_What is needed_.
Your reply should reproduce each entry exactly and contain no pictures.

Records excerpted from a collection
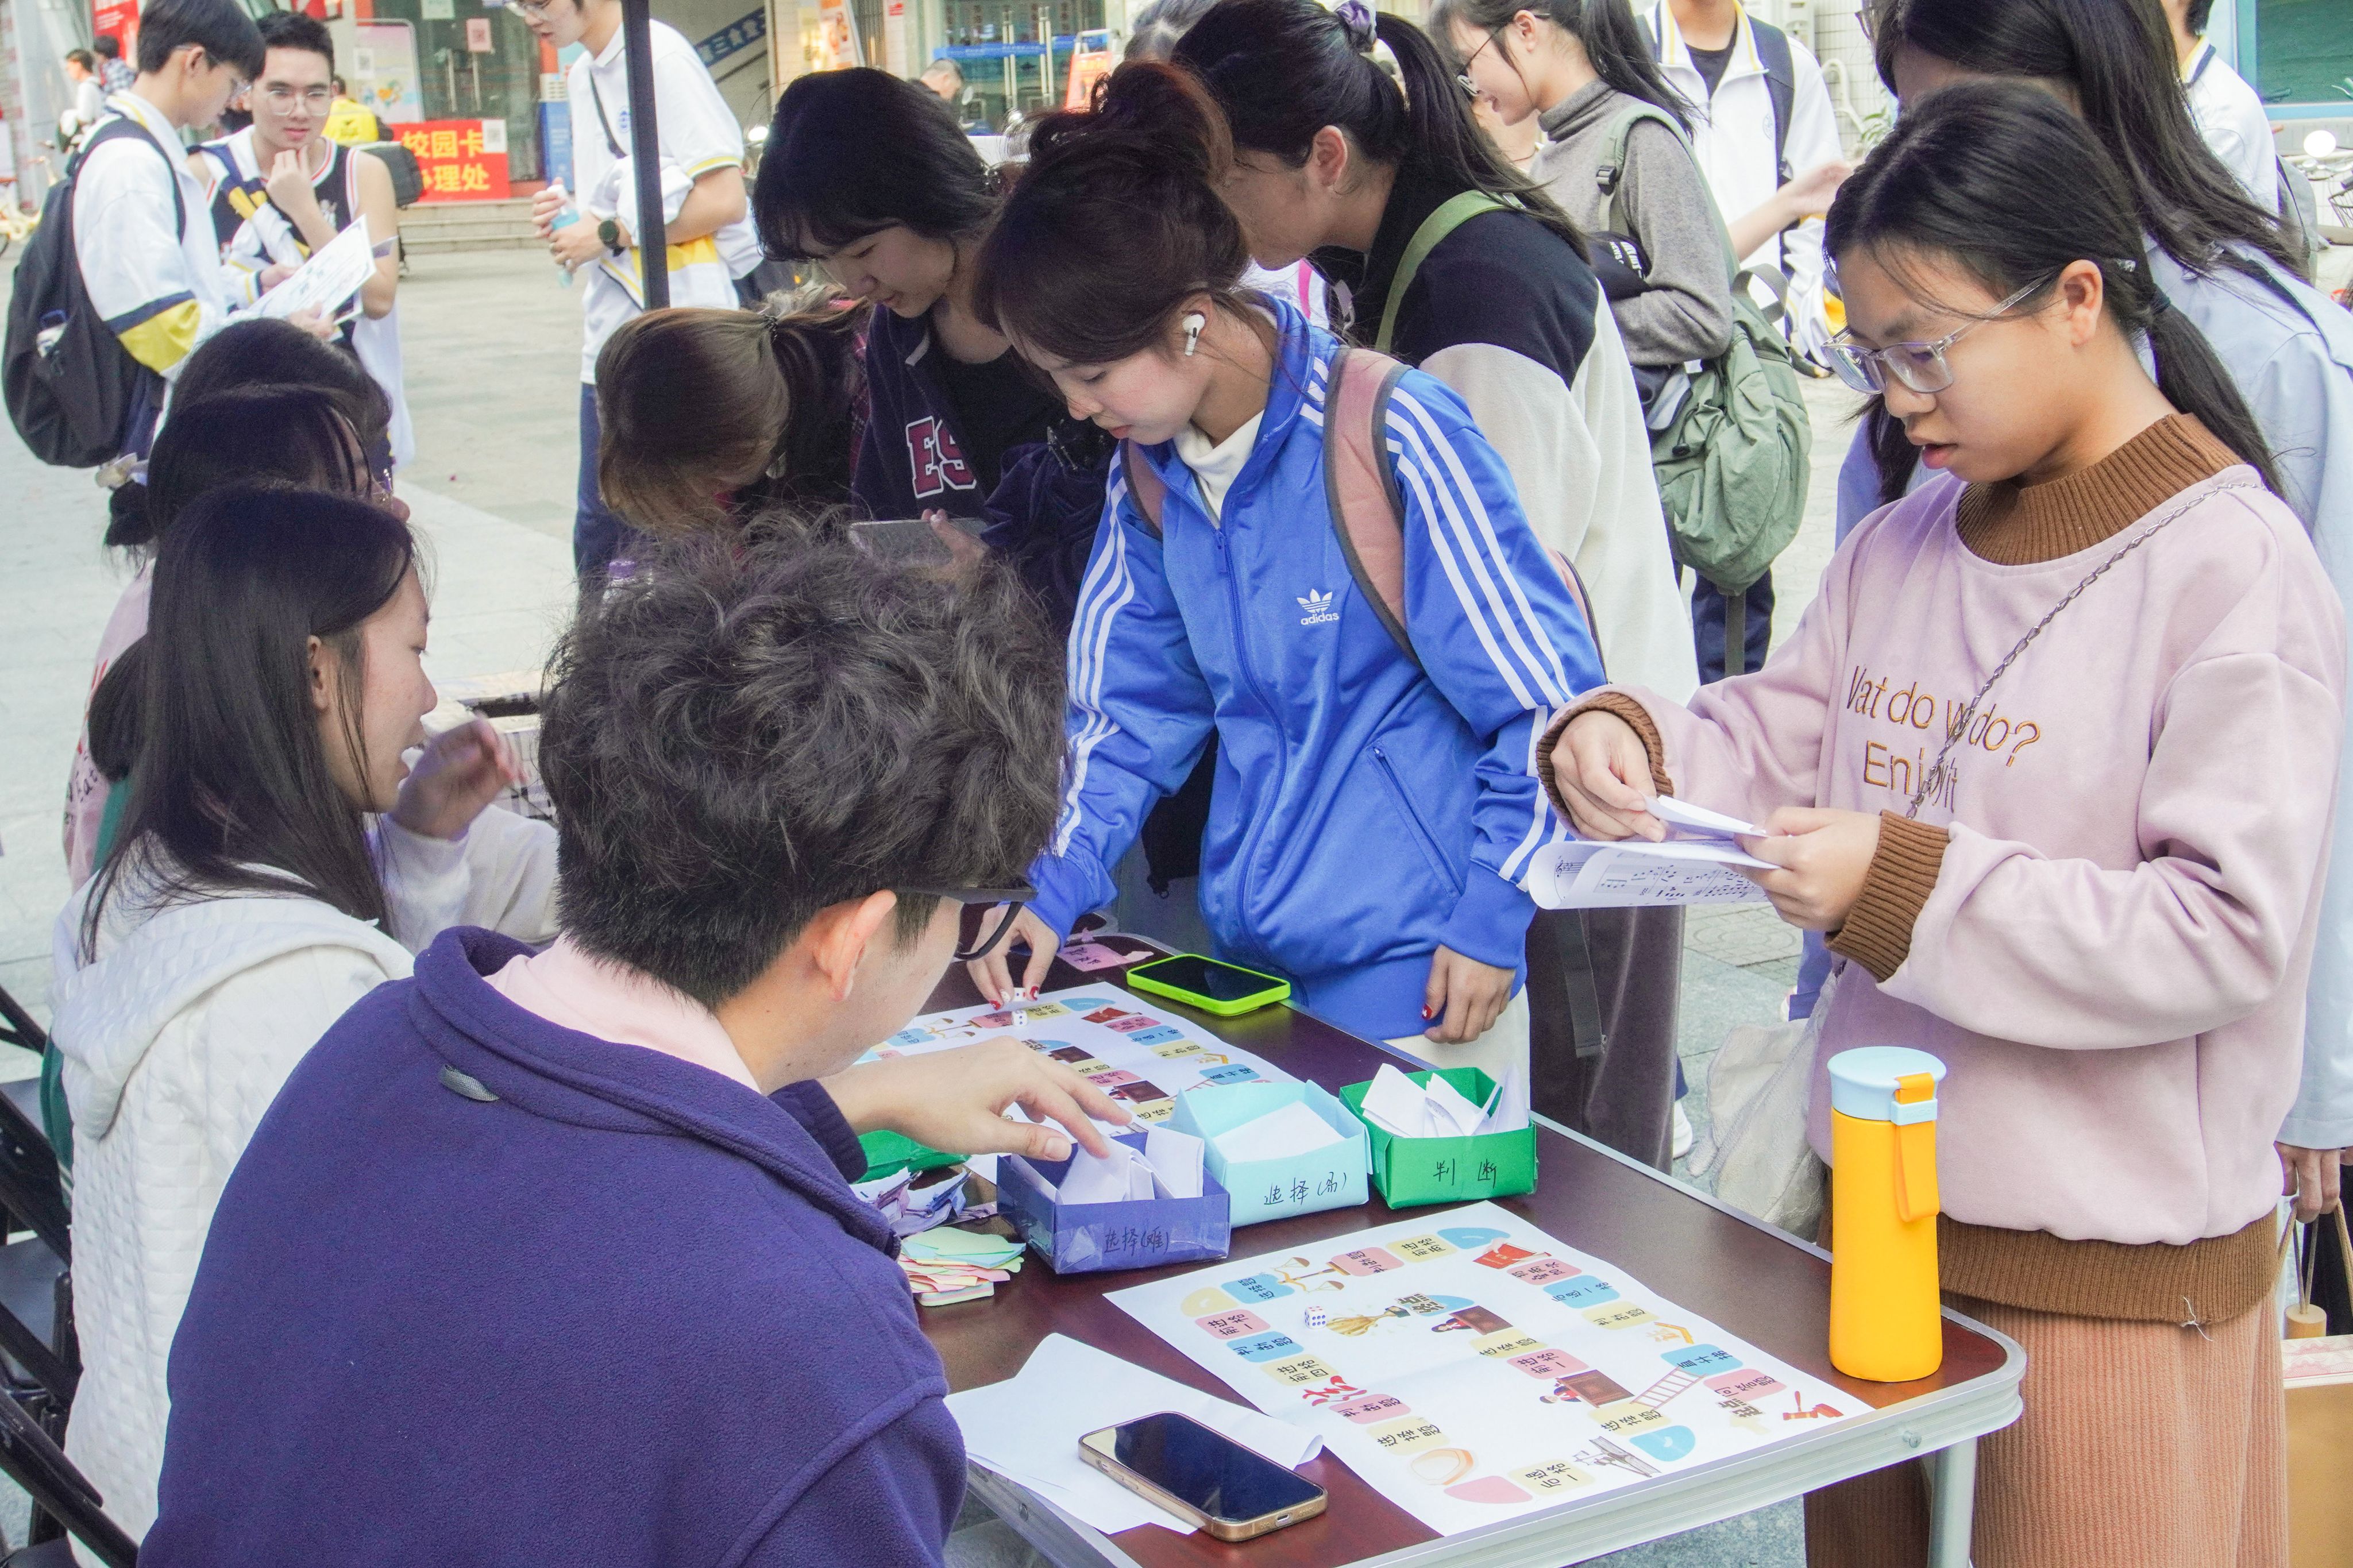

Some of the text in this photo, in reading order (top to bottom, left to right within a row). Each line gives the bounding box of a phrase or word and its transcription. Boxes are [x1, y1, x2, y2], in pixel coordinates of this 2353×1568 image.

[402, 129, 483, 159] 校园卡
[1301, 612, 1339, 625] adidas
[1888, 681, 1935, 729] do
[1137, 1106, 1174, 1119] 选择
[1433, 1158, 1496, 1188] 判断
[1345, 1250, 1387, 1273] 判断题
[1237, 1277, 1275, 1299] 选择题
[1552, 1281, 1612, 1301] 后退一格
[1397, 1293, 1444, 1314] 终点
[1593, 1308, 1645, 1326] 判断题
[1232, 1336, 1293, 1355] 判断题
[1479, 1337, 1537, 1356] 选择题
[1302, 1375, 1366, 1406] 法
[1714, 1375, 1777, 1397] 问答题
[1337, 1397, 1402, 1418] 判断题
[1717, 1397, 1762, 1418] 起点
[1600, 1409, 1663, 1432] 选择题
[1376, 1423, 1441, 1447] 选择题

_Result for this task_.
Some of the text in this photo, in reading order (top to bottom, left to right within a row). Each line gives the bounding box of a phrase or word and its transcription. Boxes are [x1, y1, x2, y2], in pixel coordinates of this 2353×1568 image.

[402, 129, 483, 159] 校园卡
[1301, 612, 1339, 625] adidas
[1888, 681, 1935, 729] do
[1137, 1106, 1174, 1119] 选择
[1433, 1158, 1496, 1188] 判断
[1345, 1250, 1387, 1273] 判断题
[1237, 1277, 1275, 1299] 选择题
[1552, 1281, 1612, 1301] 后退一格
[1397, 1293, 1444, 1314] 终点
[1593, 1308, 1645, 1326] 判断题
[1232, 1336, 1293, 1355] 判断题
[1479, 1337, 1537, 1356] 选择题
[1302, 1375, 1366, 1406] 法
[1714, 1375, 1777, 1397] 问答题
[1337, 1397, 1402, 1418] 判断题
[1717, 1397, 1762, 1418] 起点
[1600, 1409, 1663, 1432] 选择题
[1376, 1423, 1441, 1447] 选择题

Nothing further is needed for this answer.